There, they are primarily expected to carry out the intentions
in the Social Welfare Act and the Child Welfare Act. Distribution
of resources and making services available are setting ends
in themselves. In social work, available resources are means
towards ends that are seen as processes as well as observable
products. The resources in social service offices hold services
and cash as well as they hold professionals.
The Norwegian
Social Reform Committee described (NOU, 1972) social workers’
future tasks as not only to be restricted to respond to demands
for cash and services based on legal rights. They were expected
to take part in solving problems on a societal level that
creates social damage and undesirable living conditions. This
means that social workers are expected to continuously sense
and register unfortunate conditions and flaws in the system.
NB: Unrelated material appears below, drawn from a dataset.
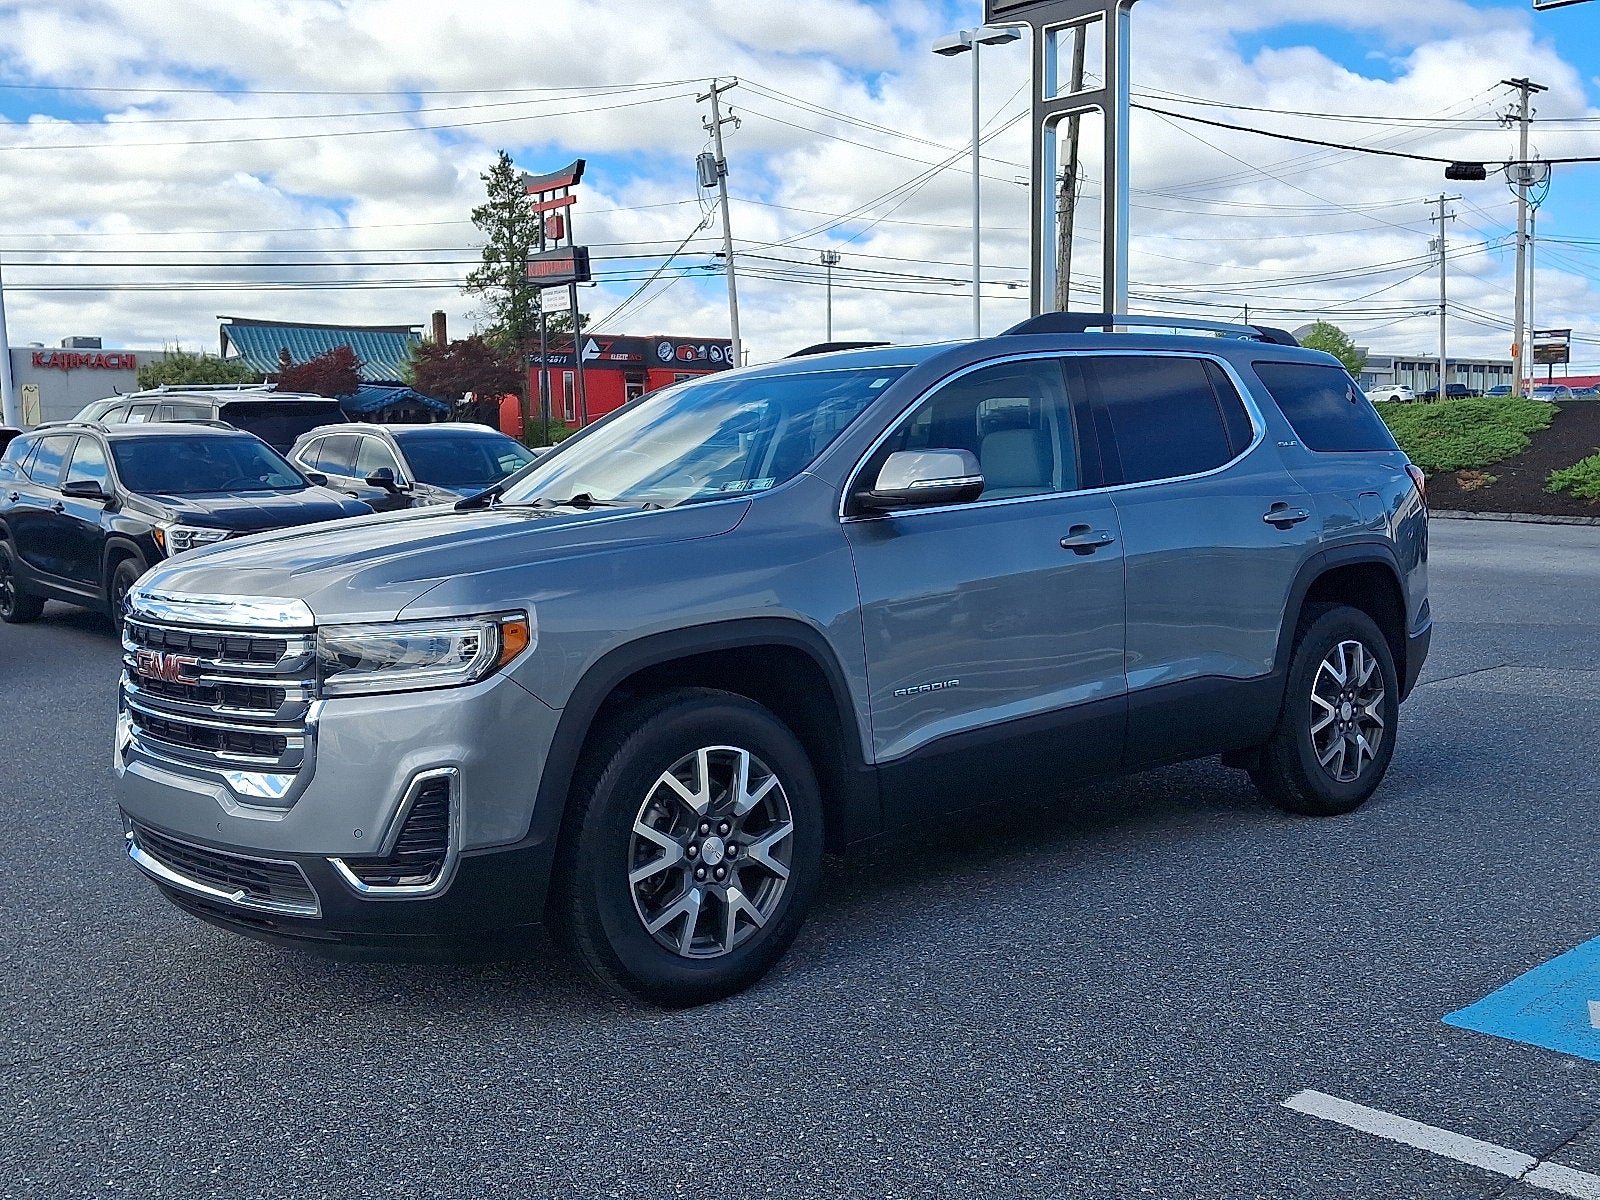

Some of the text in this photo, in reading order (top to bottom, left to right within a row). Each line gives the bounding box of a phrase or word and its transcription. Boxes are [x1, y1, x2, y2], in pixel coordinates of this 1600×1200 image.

[32, 352, 136, 370] KAJIMACHI
[137, 651, 201, 686] GMC
[894, 679, 960, 697] ACADIA
Their observations, reports and actions are directed against
the very same society who buys their loyalty through employment.
They appear to be in a double bind situation and held responsible
both for registration and reporting as well as for taking
action to prevent, alleviate and solve. Social workers are
not left in a position to just leave their observations with
the politicians; they are committed to a wider responsibility.
During the 1970s
social work went through a tough period when perspectives,
approaches, and values were criticized. The social reform
heritage from the past was considered dormant and politicized.
Work with the individuals and with families became conservative
at the same time as the tasks related to reform on the societal
level were quite overwhelming for each worker to relate to.
Available approaches in social work were considered as preservation
of society at large as well as hard to put into practice in
agencies with growing caseloads and where clients’ rights
according to criteria were to be upheld.
It might seem
as if social work first and foremost reacts to situations
where people are already involved in hardship. This is partly
the case. We also see that it is possible for social workers
to offer services and act because of available theory and
developed approaches. The desire to act has both a theoretical
and a practice impetus. Furthermore, it has an ethical dimension
if entering into other people’s lives also means to
identify problems not presented and decide how to act or not
to act in accordance with this knowledge.
“Social
work intervention in problems at any level is particular,
developed out of the perceptions of that problem achieved
by those involved, including the social worker” (Gibbons
at al., 1985). The ongoing task for social work is to develop
approaches that are appropriate for situations workers are
faced with. Since the social welfare department is the only
institution with a safety net function, how to respond to
people in such a situation can first and foremost be developed
related to that setting. Several types of work areas are overlapping
with other agencies and are impelling forces for joint efforts.
Different terminology
has appeared in the forefront over time. During the 1990s
we find terminology from economics and law replacing psychological
and medical terms. Goal orientation, effectiveness, time limit
and contracts have been part of social work terminology over
time along with process and relationship. The prevailing terminology
conveys a message of the public, correct way of thinking.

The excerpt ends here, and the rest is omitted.